社会にイイね!を、社会からイイね!を、ささき歯科医院です。
今回は抜歯の基準について投稿します。
歯が欠けたり取れたりしたとき、基本的には歯を抜かずにもう一度歯を作ることを考えます。
しかし難しいときももちろん存在します。
世に言うかぶせ物や差し歯、というのは
・かぶせ物を自分の歯にかぶせる
・差し歯を自分の歯に差す
治療法なので、
・かぶせられる自分の歯がしっかり存在しないとかぶせられない
・差される自分の歯がしっかり存在しないと差せない
わけです。
自分の歯がぐらぐらだったらやはりかぶせられません。
自分の歯が虫歯でボロボロだったらかぶせられません。
「なんとかあと1回お願いできませんか・・・!」と言われることもしばしばありますが、
①なんとか1回かぶせる
②半年後に痛くなる、もしくははずれるなどトラブルが起こる
③①の時無理してかぶせた時間やお金はなんのために使ったのだ・・?
ということになりかねません。
また、私の記事にたびたび出てきますが、年齢も重要です。
20代の方の歯がボロボロだとすると、私は多少無理をしてでも歯を製作します。
年齢を考えるとご自身の歯を残すことに意義があると考えるからです。
80代の方の歯がボロボロだとすると、私は歯を抜く方向で考えます。
ボロボロの歯を無理して残して、もしあと2年後に歯がまた悪くなった場合、再び歯科医院へお越しいただかなくてはなりません。

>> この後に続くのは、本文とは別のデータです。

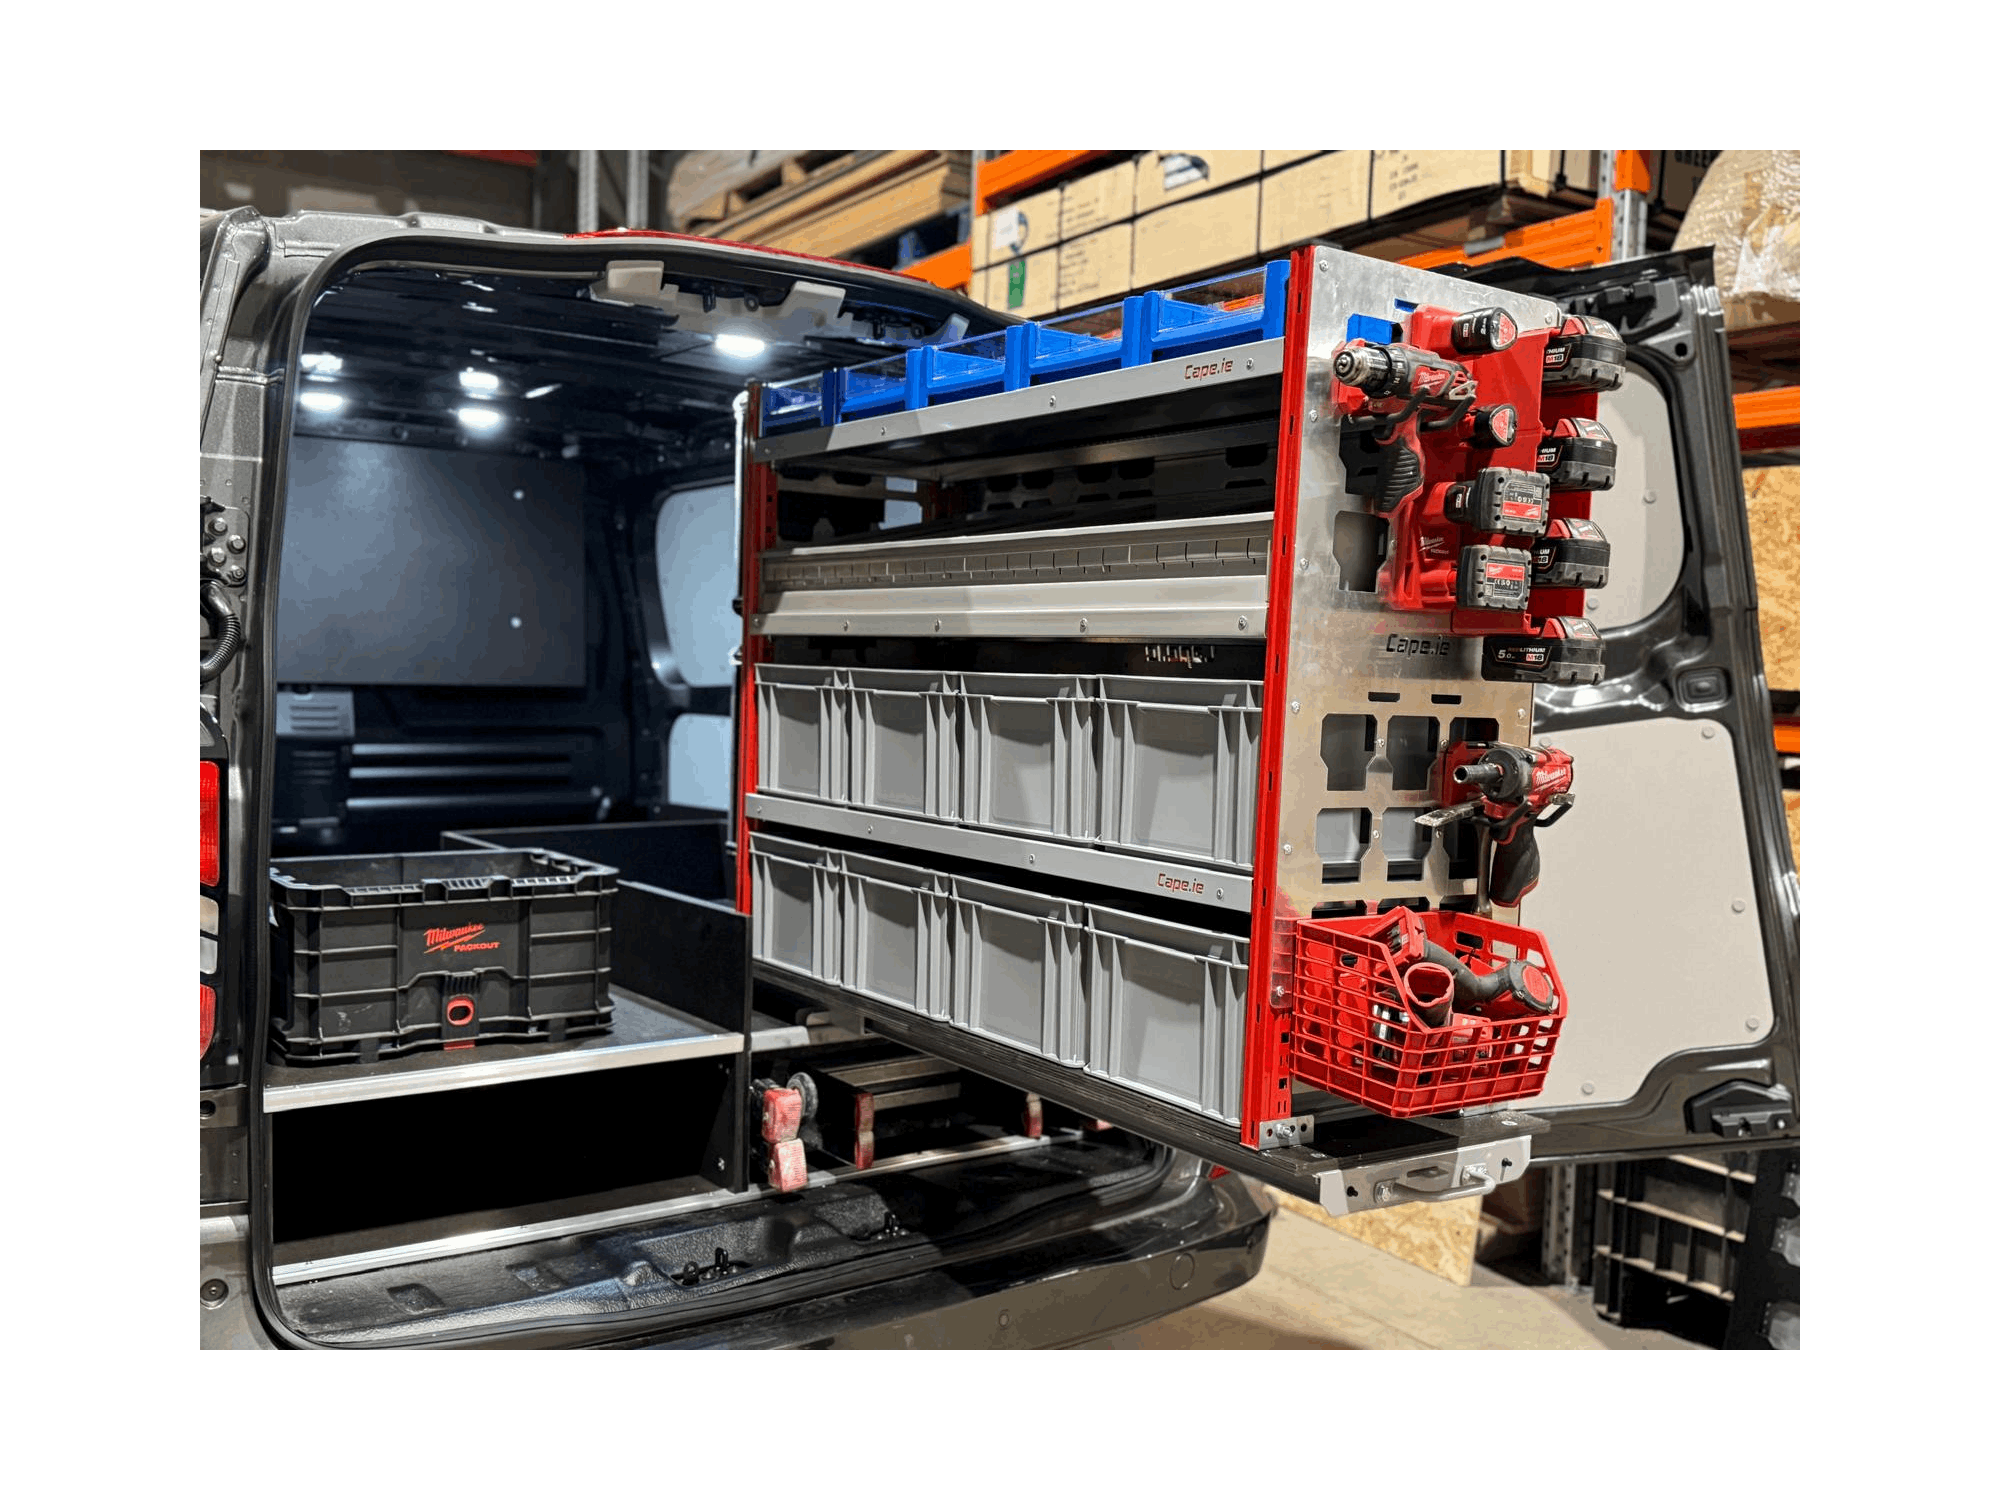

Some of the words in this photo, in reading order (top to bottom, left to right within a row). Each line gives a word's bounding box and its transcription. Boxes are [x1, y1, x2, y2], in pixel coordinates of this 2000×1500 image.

[1184, 357, 1233, 381] Cape.ie
[1386, 633, 1450, 658] Cape.ie
[1157, 873, 1204, 894] Cape.ie
[423, 923, 485, 946] Milwaukee
[454, 942, 500, 952] PACKOUT

治療の時間やストレスも可能なだけ減らそうと思うと、抜歯してしまったほうが楽なこともあるのです。
「歯を抜く方向で考えるなんてなんて悪い歯医者だ!」とお感じになられる方もいらっしゃるかもしれませんが、足がおぼつかなかったり、それまでの人生で歯の治療を何度も何度も頑張ってこられた方からすると、「抜いてスッキリするほうが良いです」と同意を頂けることも少なくはありません。
写真の方は50代の男性です。
まだまだ働き盛りで歯を残すことには意義があると考えます。
しかし、歯が折れたことにより、歯ぐきの中の方までしっかり歯が無くなってしまっていました。

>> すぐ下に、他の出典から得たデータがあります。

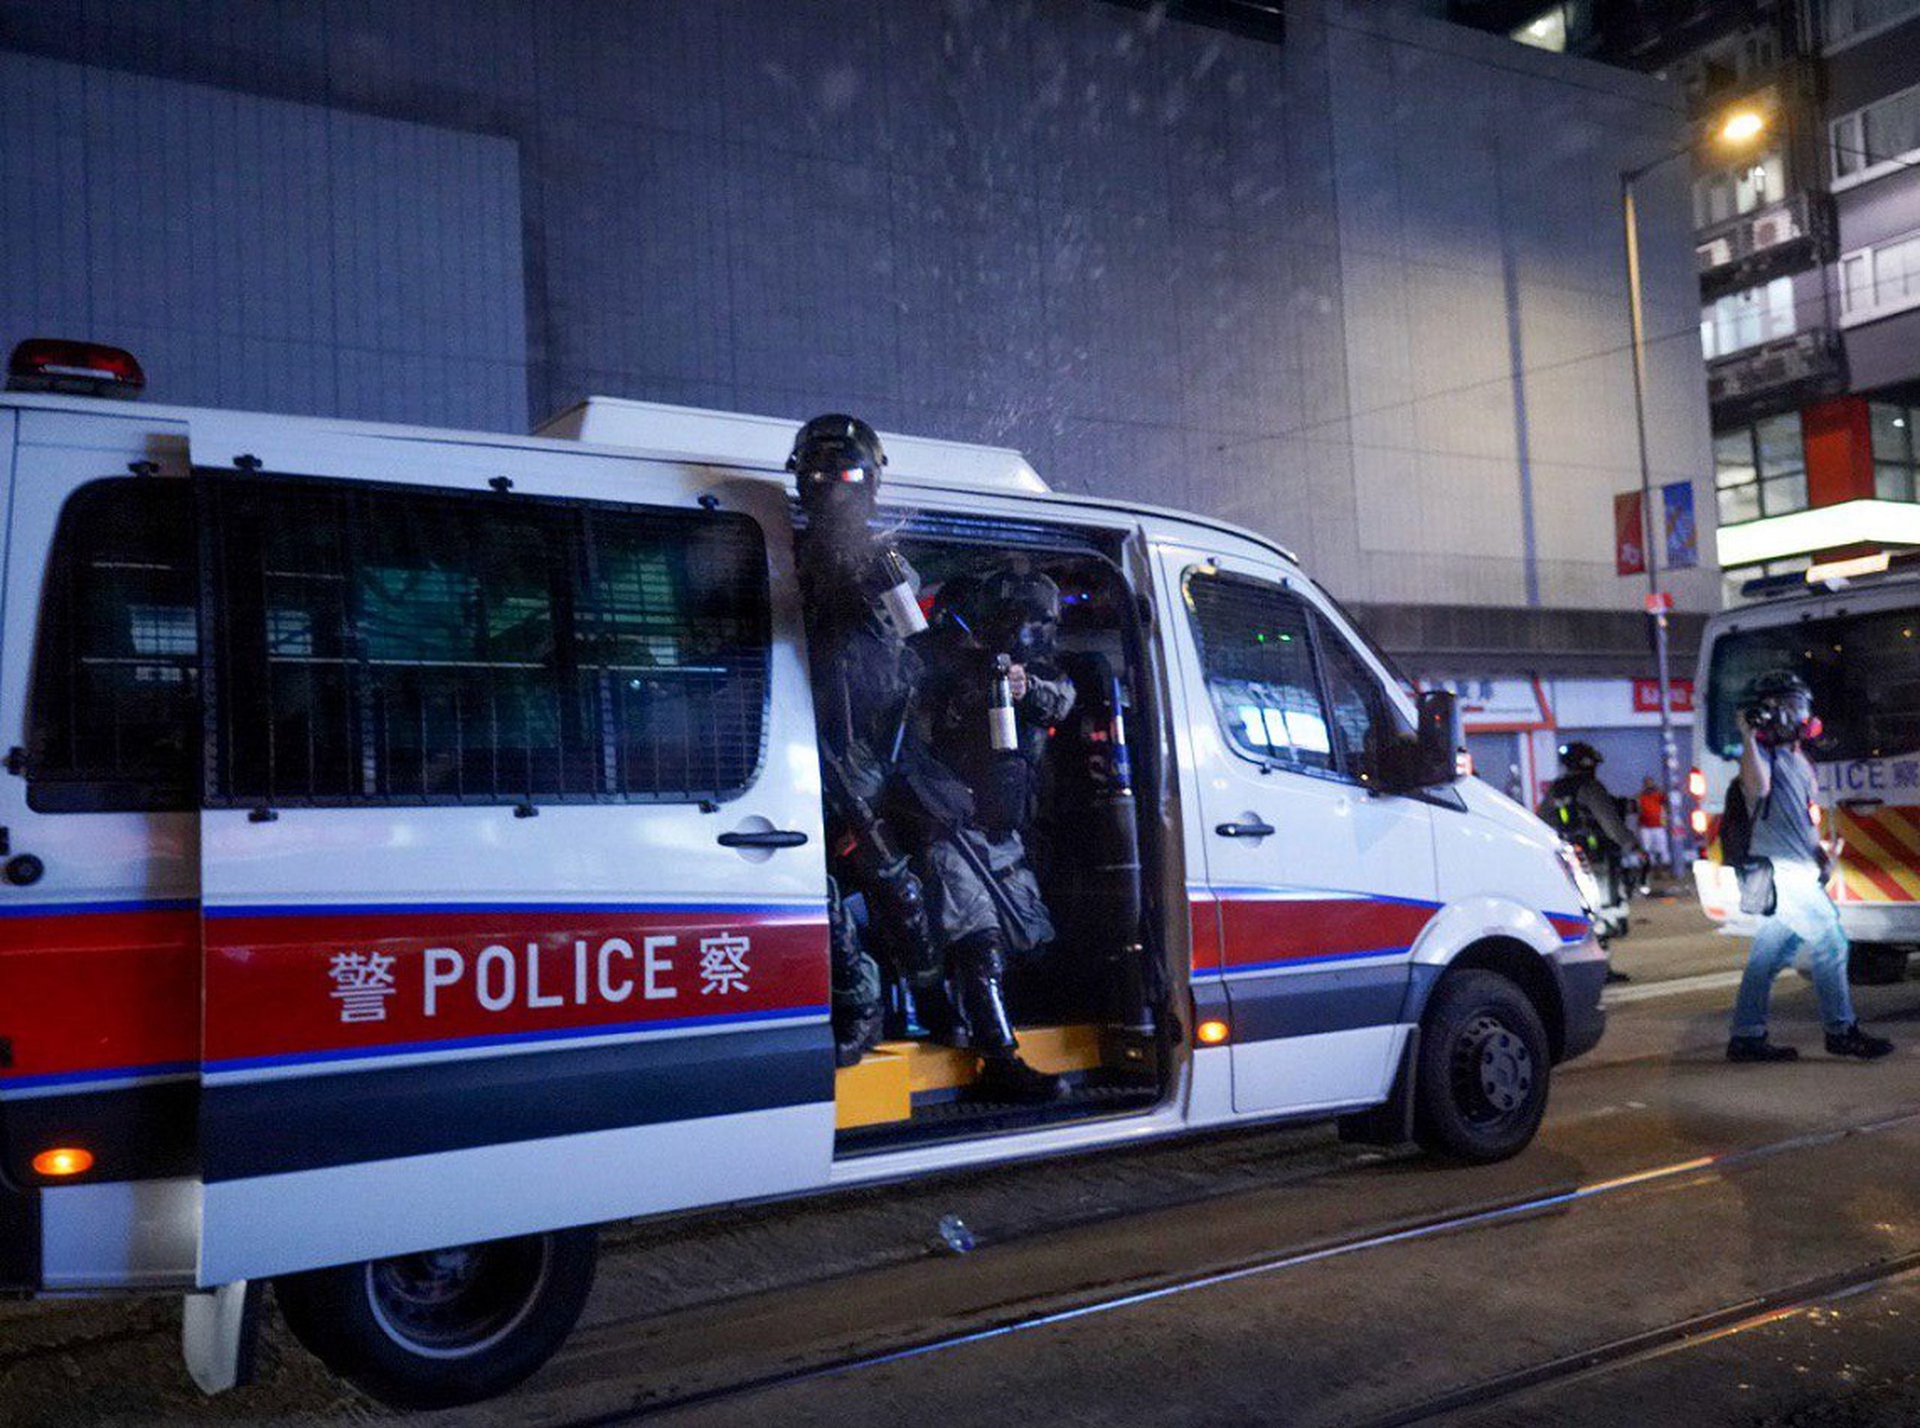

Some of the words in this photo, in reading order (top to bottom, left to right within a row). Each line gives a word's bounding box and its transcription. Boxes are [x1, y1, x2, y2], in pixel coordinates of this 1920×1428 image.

[1814, 760, 1884, 791] LICE
[328, 951, 397, 1023] 警
[423, 935, 678, 1017] POLICE
[699, 932, 751, 995] 察

患者さんと相談の上、少し無茶ではありますが歯を可能な限りのこして、型取りを綺麗に行い、セラミックをセットすることになりました。
歯を残す、残さないは患者さん一人一人の生活の状況、1本1本の歯の状態によって全く異なります。
治療方針の決定は充分に話し合って行われるべきと考えます。
今回は患者さんと話し合いだけで30分を使用し、治療方針の決定を行いました。